Several episodes of Walker, Texas Ranger with Chuck Norris were shot in part here. Downtown Ovilla was the set of an old Indian town.

==Geography==

According to the United States Census Bureau, the city has a total area of 5.7 square miles (14.8 km^{2}), all land.

==Demographics==

Historical population
| Census | Pop. | Note | %± |
| 1970 | 339 |  | — |
| 1980 | 1,067 |  | 214.7% |
| 1990 | 2,027 |  | 90.0% |
| 2000 | 3,405 |  | 68.0% |
| 2010 | 3,492 |  | 2.6% |
| 2020 | 4,304 |  | 23.3% |
| 2023 (est.) | 4,709 |  | 9.4% |
U.S. Decennial Census

===2020 census===

As of the 2020 census, Ovilla had a population of 4,304, 1,554 households, and 1,238 families.

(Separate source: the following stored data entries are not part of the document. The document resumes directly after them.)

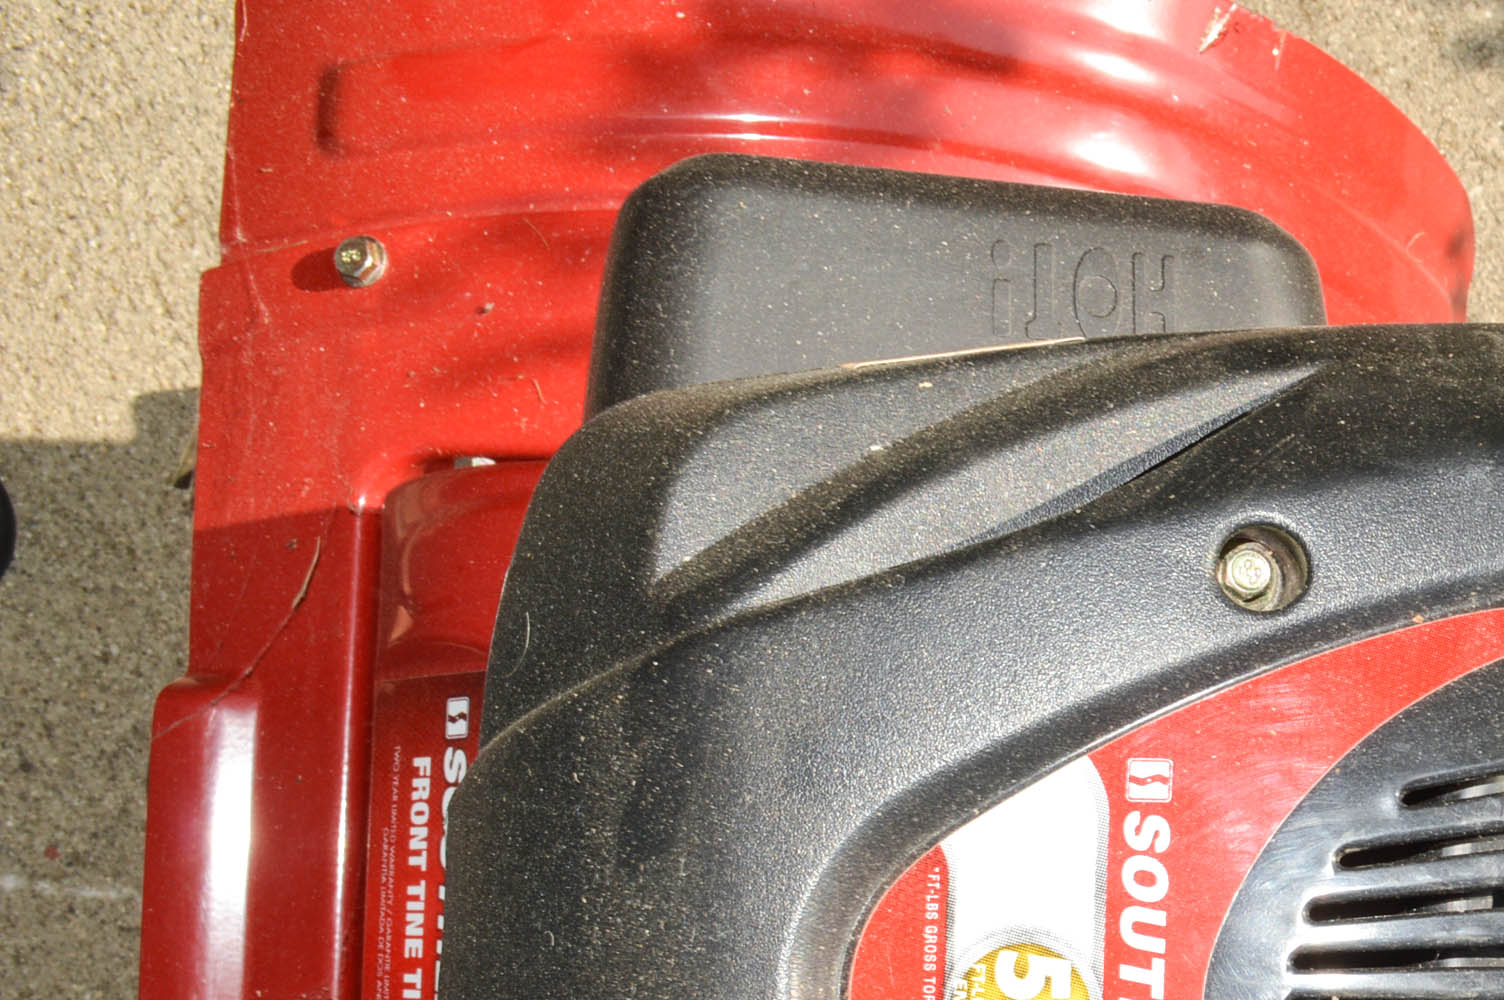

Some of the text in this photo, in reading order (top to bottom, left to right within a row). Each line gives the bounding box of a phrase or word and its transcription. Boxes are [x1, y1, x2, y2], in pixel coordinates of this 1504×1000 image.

[393, 745, 401, 771] TWO
[390, 804, 398, 842] LIMITED
[408, 757, 431, 871] FRONT
[387, 846, 396, 905] WARRANTY
[404, 880, 425, 958] TINE
[923, 925, 938, 971] GROSS

The median age was 47.3 years, 21.5% of residents were under the age of 18, 21.1% of residents were 65 years of age or older, and there were 94.3 males for every 100 females overall and 92.6 males for every 100 females age 18 and over.

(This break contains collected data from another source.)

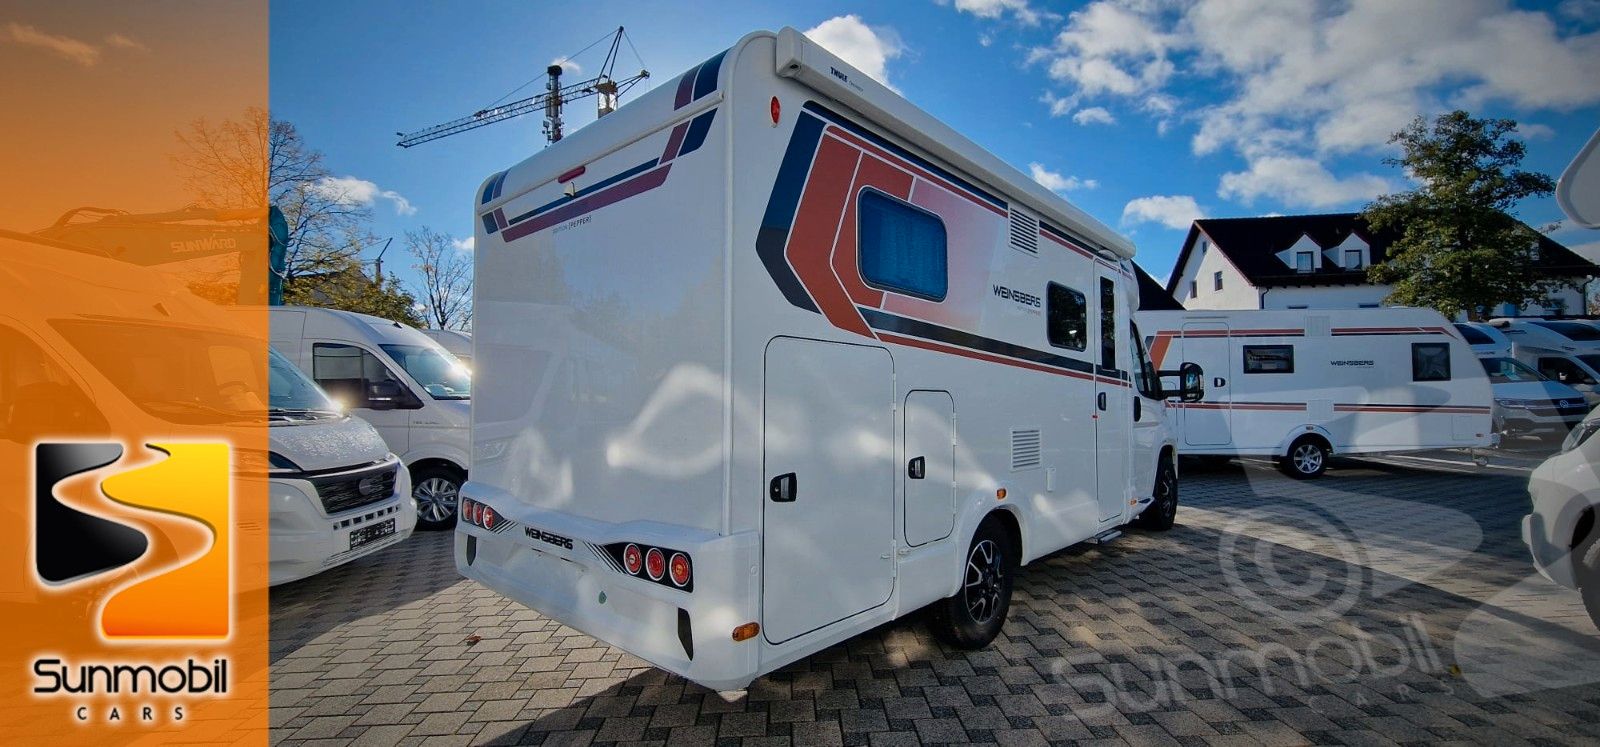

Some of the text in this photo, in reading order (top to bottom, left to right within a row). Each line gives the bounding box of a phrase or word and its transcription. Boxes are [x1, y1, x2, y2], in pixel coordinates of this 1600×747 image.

[170, 238, 237, 253] SUNWARD
[992, 284, 1041, 308] WEINSBERG
[524, 526, 574, 551] WEINSBERG
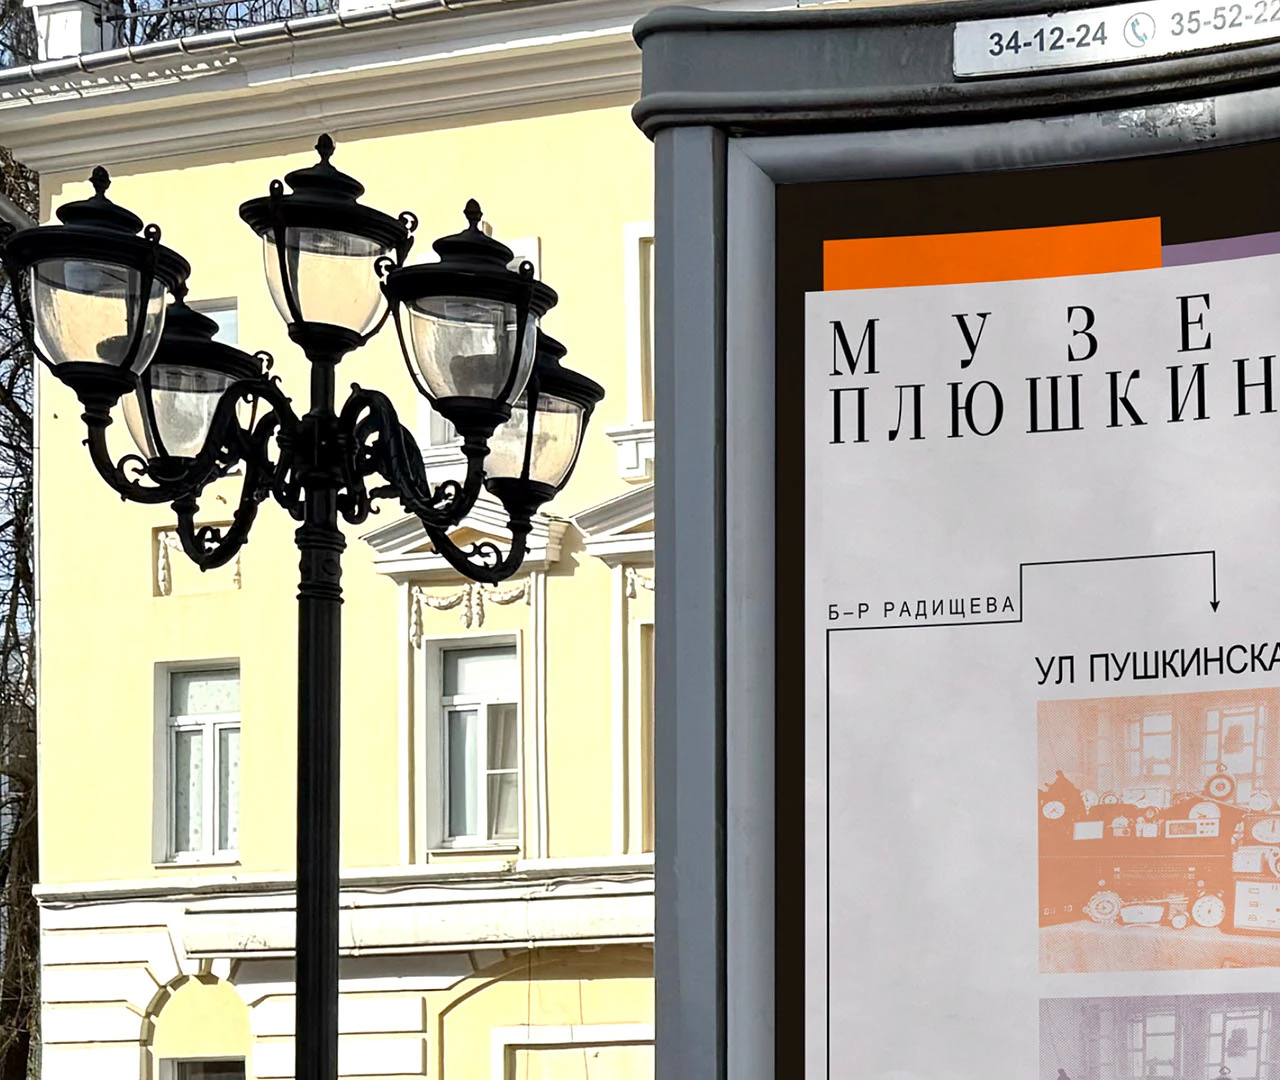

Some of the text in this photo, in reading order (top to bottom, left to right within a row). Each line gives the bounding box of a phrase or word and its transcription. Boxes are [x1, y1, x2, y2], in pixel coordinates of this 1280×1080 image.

[988, 21, 1108, 57] 34-12-24
[883, 595, 1015, 620] РАДИЩЕВА
[1034, 655, 1075, 686] УЛ

90.2% of residents lived in urban areas, while 9.8% lived in rural areas.

There were 1,554 households in Ovilla, of which 33.4% had children under the age of 18 living in them. Of all households, 72.3% were married-couple households, 7.9% were households with a male householder and no spouse or partner present, and 16.4% were households with a female householder and no spouse or partner present. About 13.1% of all households were made up of individuals and 7.7% had someone living alone who was 65 years of age or older.

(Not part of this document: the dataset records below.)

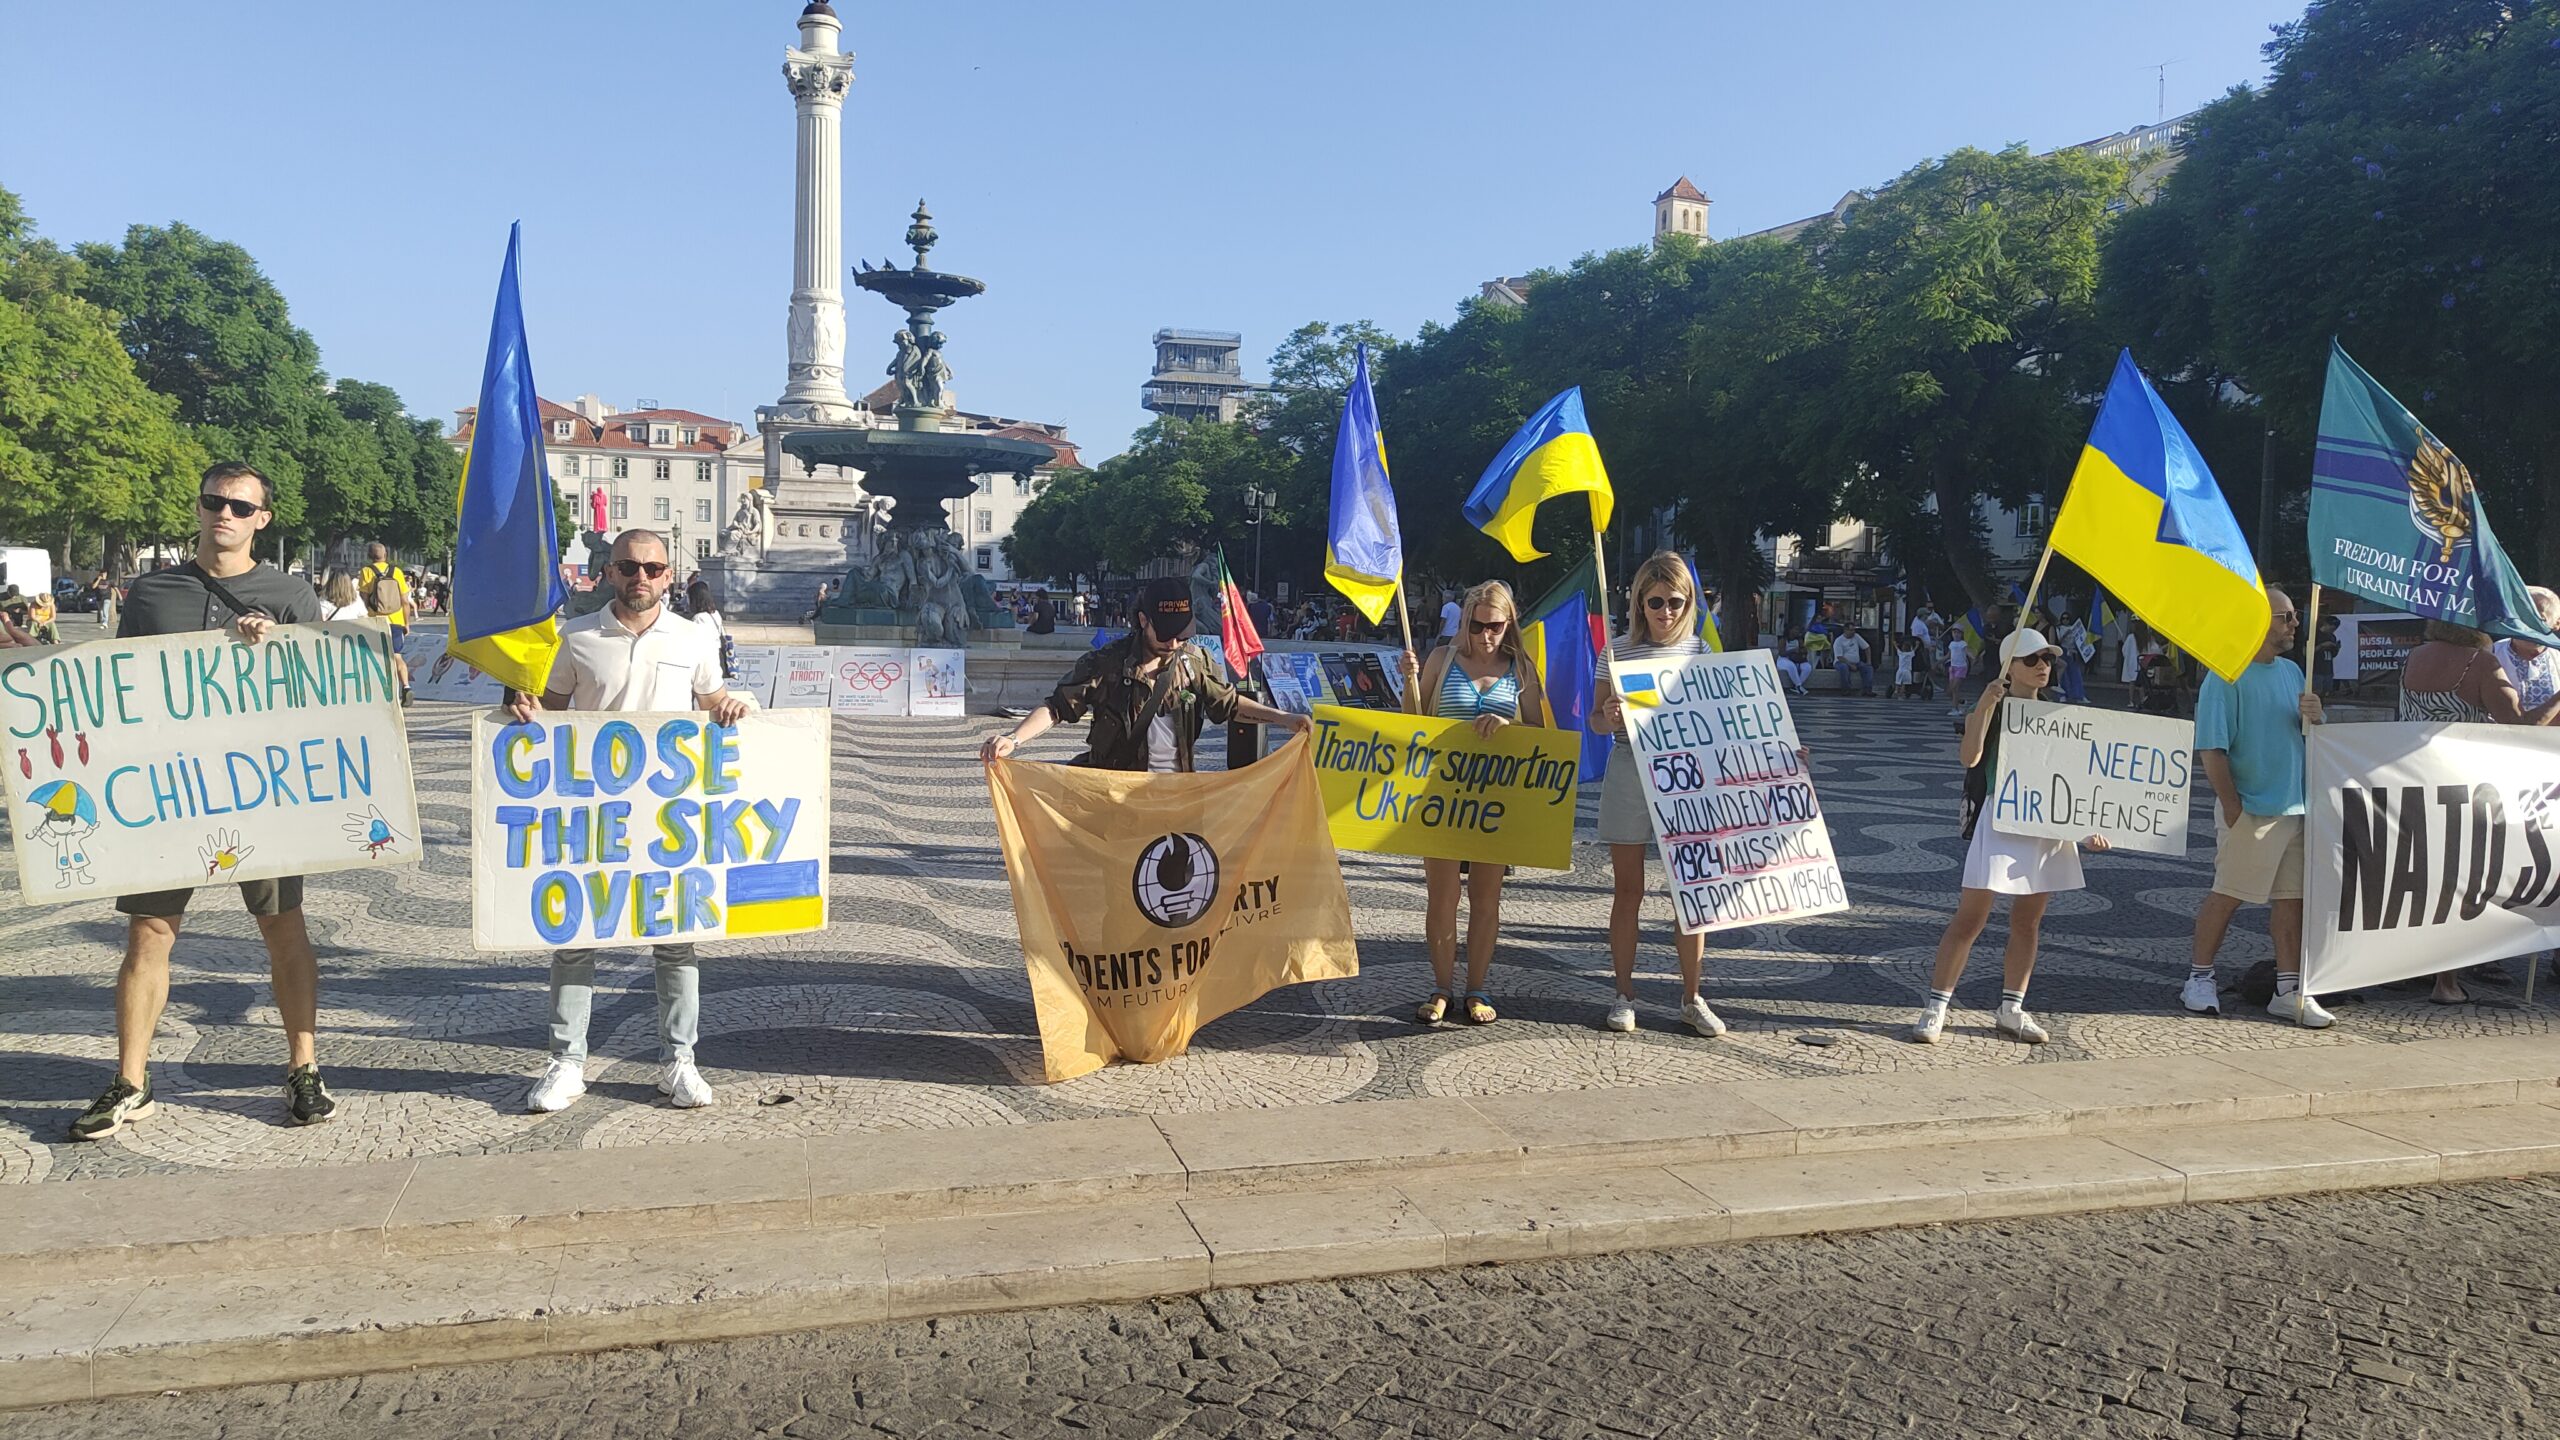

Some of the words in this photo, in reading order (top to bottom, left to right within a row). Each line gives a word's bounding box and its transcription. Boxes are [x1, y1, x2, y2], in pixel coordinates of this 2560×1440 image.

[2334, 538, 2406, 574] FREEDOM
[2409, 560, 2458, 586] FOR
[2347, 567, 2442, 608] UKRAINIAN
[2359, 637, 2392, 646] RUSSIA
[2359, 649, 2392, 658] PEOPLE
[2393, 649, 2411, 658] AN
[2359, 661, 2399, 670] ANIMALS
[2, 652, 137, 739] SAVE
[790, 670, 825, 682] ATROCITY
[1634, 709, 1713, 752] NEED
[1720, 701, 1784, 741] HELP
[491, 719, 742, 799] CLOSE
[1314, 719, 1397, 776] Thanks
[1404, 731, 1440, 779] for
[1440, 744, 1577, 805] supporting
[1653, 752, 1704, 794] 568
[2088, 740, 2188, 788] NEEDS
[1355, 778, 1505, 834] Ukraine
[1654, 789, 1771, 837] WOUNDED
[495, 800, 632, 869] THE
[647, 797, 801, 868] SKY
[2338, 782, 2507, 931] NATO
[1673, 841, 1725, 883] 1924
[531, 866, 722, 945] OVER
[1679, 875, 1789, 927] DEPORTED
[1123, 983, 1194, 1008] FUTUR

There were 1,597 housing units, of which 2.7% were vacant. The homeowner vacancy rate was 1.0% and the rental vacancy rate was 5.6%.

Racial composition as of the 2020 census
| Race | Number | Percent |
|---|---|---|
| White | 2,912 | 67.7% |
| Black or African American | 655 | 15.2% |
| American Indian and Alaska Native | 27 | 0.6% |
| Asian | 49 | 1.1% |
| Native Hawaiian and Other Pacific Islander | 3 | 0.1% |
| Some other race | 206 | 4.8% |
| Two or more races | 452 | 10.5% |
| Hispanic or Latino (of any race) | 632 | 14.7% |

==Education==
Most areas in Ovilla in Ellis County are in the Red Oak Independent School District, with some portions in the Midlothian Independent School District. The Dallas County portions are divided between the Cedar Hill Independent School District and the DeSoto Independent School District.

Zoned schools are:
- Red Oak High School for the Red Oak ISD portion
- McClatchey Elementary School, Walnut Grove Middle School, and Midlothian Heritage High School for the Midlothian ISD portion.
- Cedar Hill High School for the Cedar Hill ISD portion
- Cockrell Hill Elementary School (grades Kindergarten through 2), Frank Moates Elementary School (grades 3-5), Curtistene S. McCowan Middle School, DeSoto High School Freshman Campus, and DeSoto High School for the DeSoto ISD portion

Ovilla Christian School, a private Christian school, is located in Ovilla. It is associated with Ovilla Road Baptist Church.

Portions in Ellis County are zoned to Navarro College. Portions in Dallas County are zoned to Dallas College.